## GIVEN ENTRIES
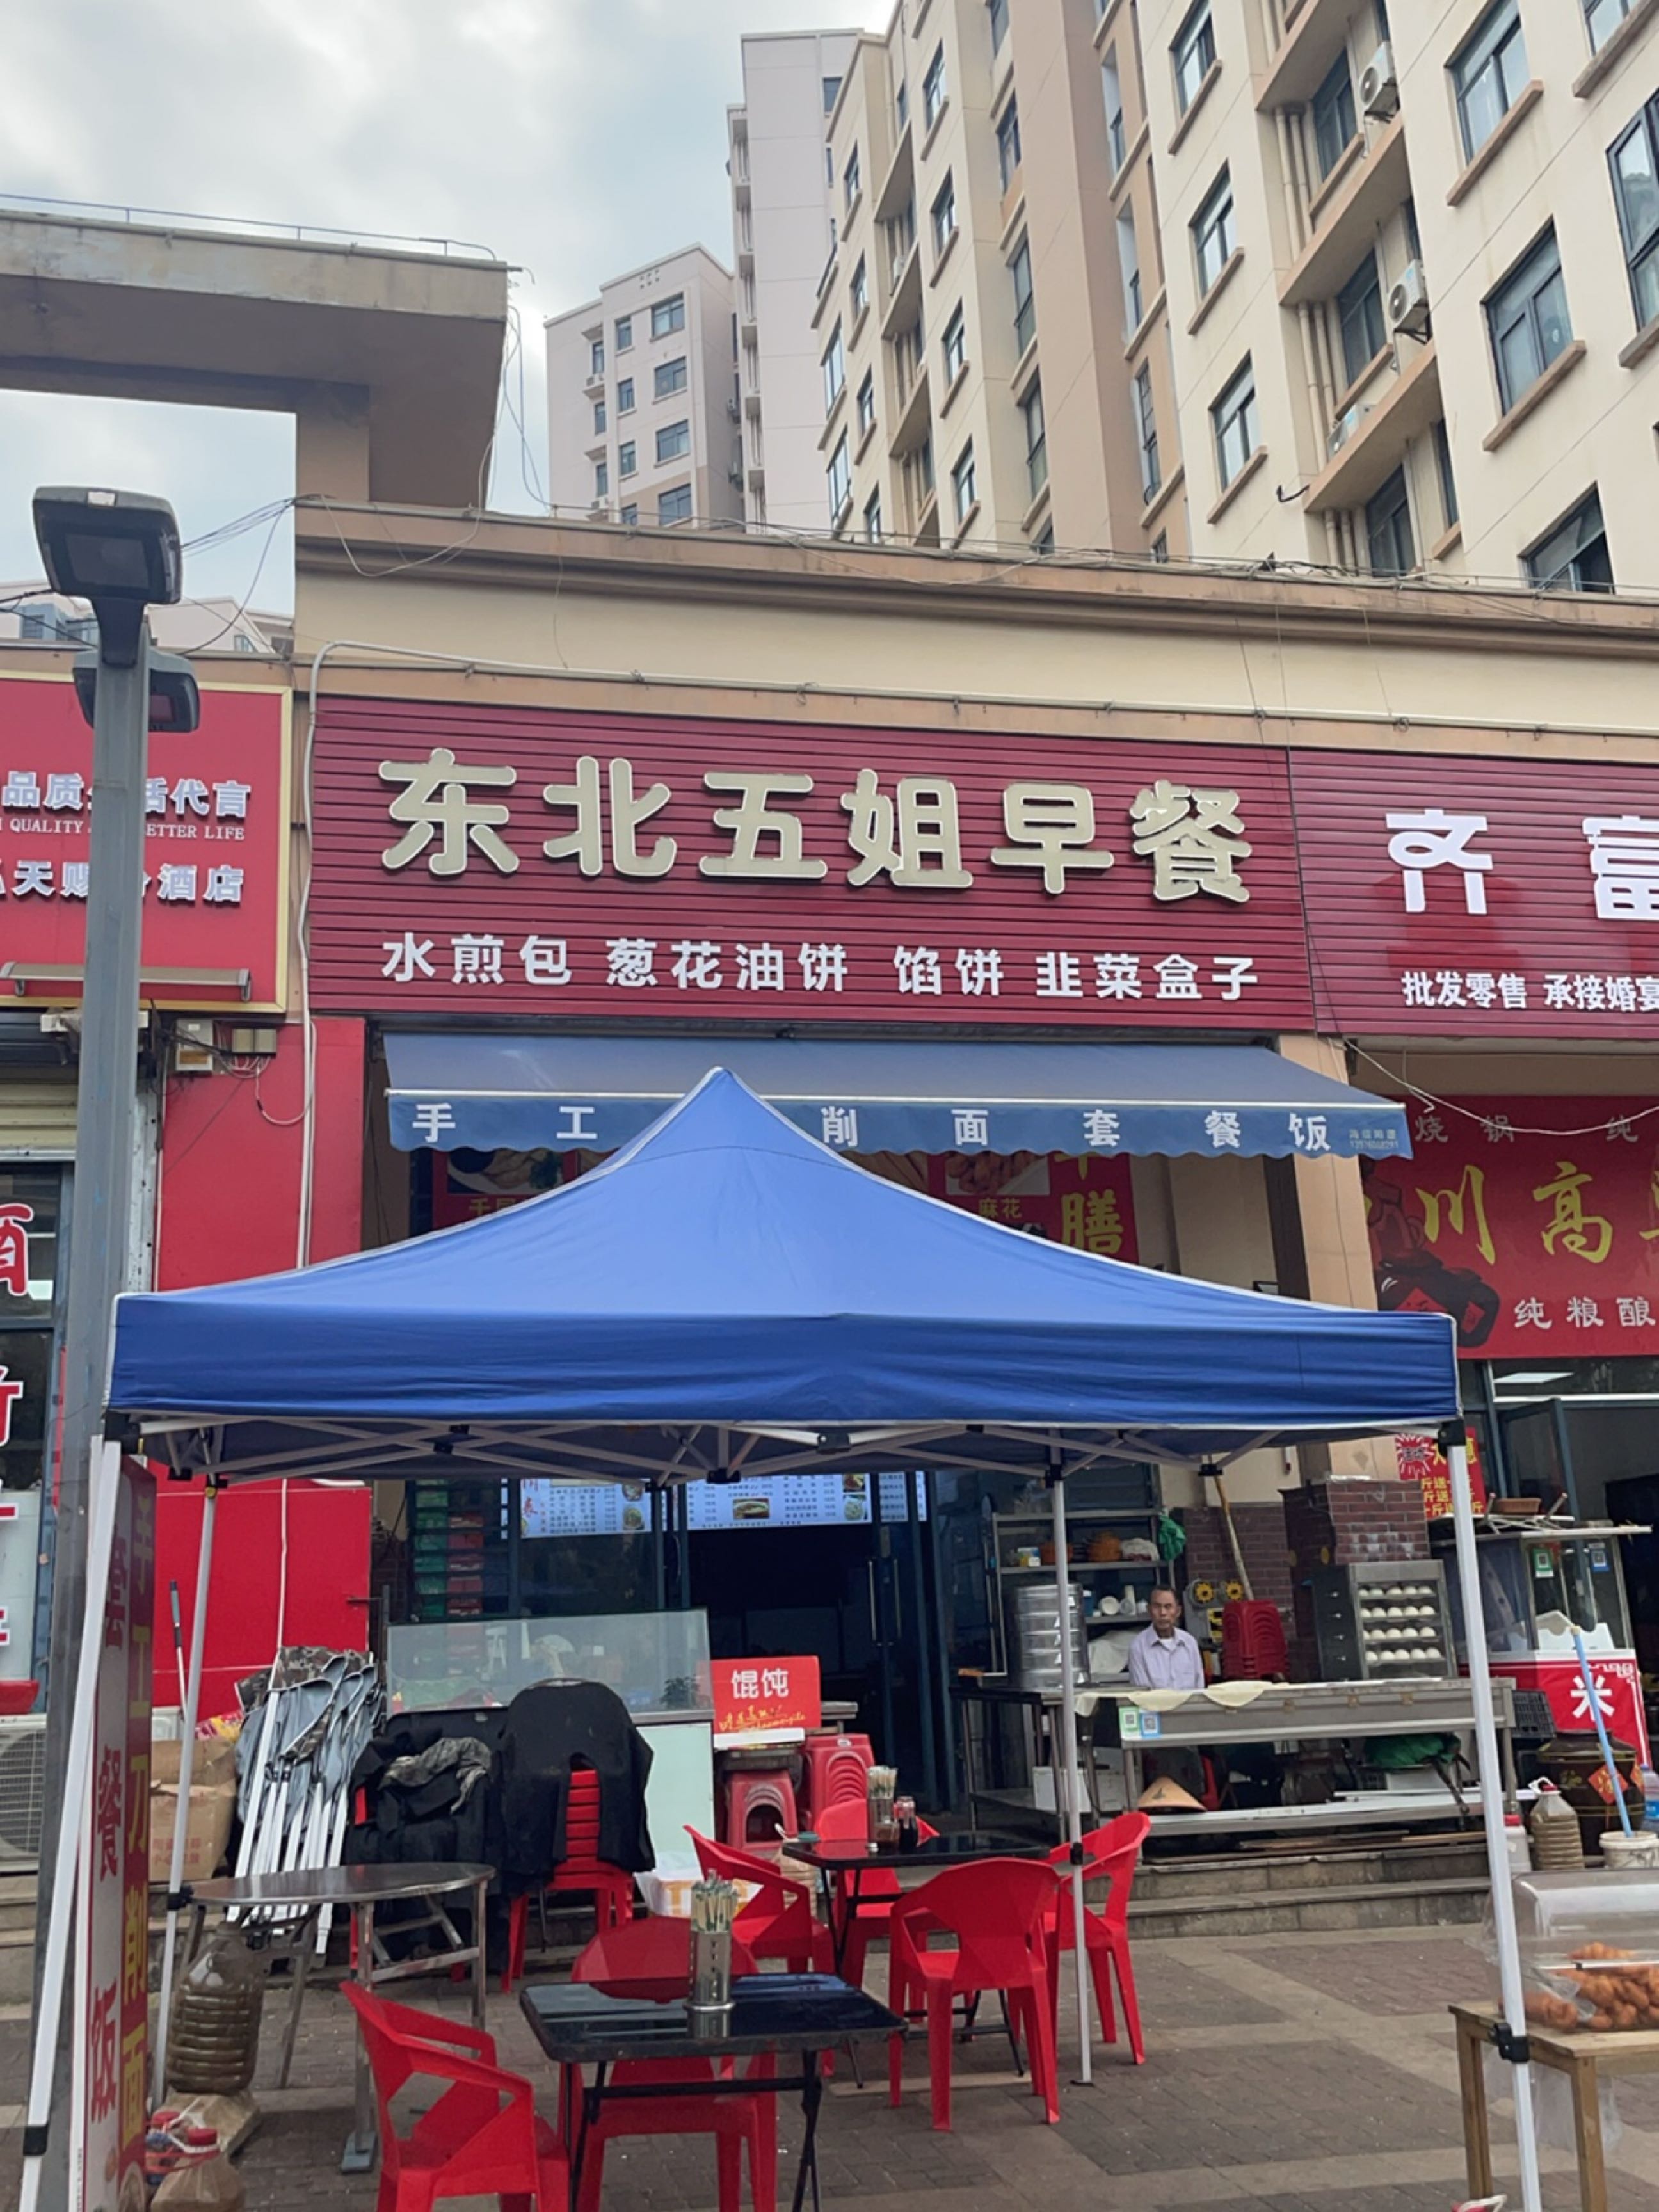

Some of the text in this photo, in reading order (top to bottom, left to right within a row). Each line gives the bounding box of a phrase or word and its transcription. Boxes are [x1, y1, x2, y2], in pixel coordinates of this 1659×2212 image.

[2, 770, 252, 818] 品质活代言
[10, 817, 84, 833] QUALITY
[146, 823, 197, 838] ETTER
[204, 825, 245, 840] LIFE
[378, 747, 1253, 903] 东北五姐早餐
[0, 858, 244, 902] 天赐酒店
[381, 932, 1258, 1001] 水煎包 葱花油饼 馅饼 韭菜盒子
[1400, 970, 1528, 1009] 批发零售
[978, 1198, 1023, 1219] 麻花
[1364, 1160, 1659, 1265] 川高
[1514, 1295, 1656, 1330] 纯粮酿
[730, 1667, 789, 1700] 馄饨

## WHAT THE EXERCISE ASKS
Without including any picture, set down the listing above exactly as it appears.

## OUTPUT
Some of the text in this photo, in reading order (top to bottom, left to right within a row). Each line gives the bounding box of a phrase or word and its transcription. Boxes are [x1, y1, x2, y2], in pixel coordinates of this 1659×2212 image.

[2, 770, 252, 818] 品质活代言
[10, 817, 84, 833] QUALITY
[146, 823, 197, 838] ETTER
[204, 825, 245, 840] LIFE
[378, 747, 1253, 903] 东北五姐早餐
[0, 858, 244, 902] 天赐酒店
[381, 932, 1258, 1001] 水煎包 葱花油饼 馅饼 韭菜盒子
[1400, 970, 1528, 1009] 批发零售
[978, 1198, 1023, 1219] 麻花
[1364, 1160, 1659, 1265] 川高
[1514, 1295, 1656, 1330] 纯粮酿
[730, 1667, 789, 1700] 馄饨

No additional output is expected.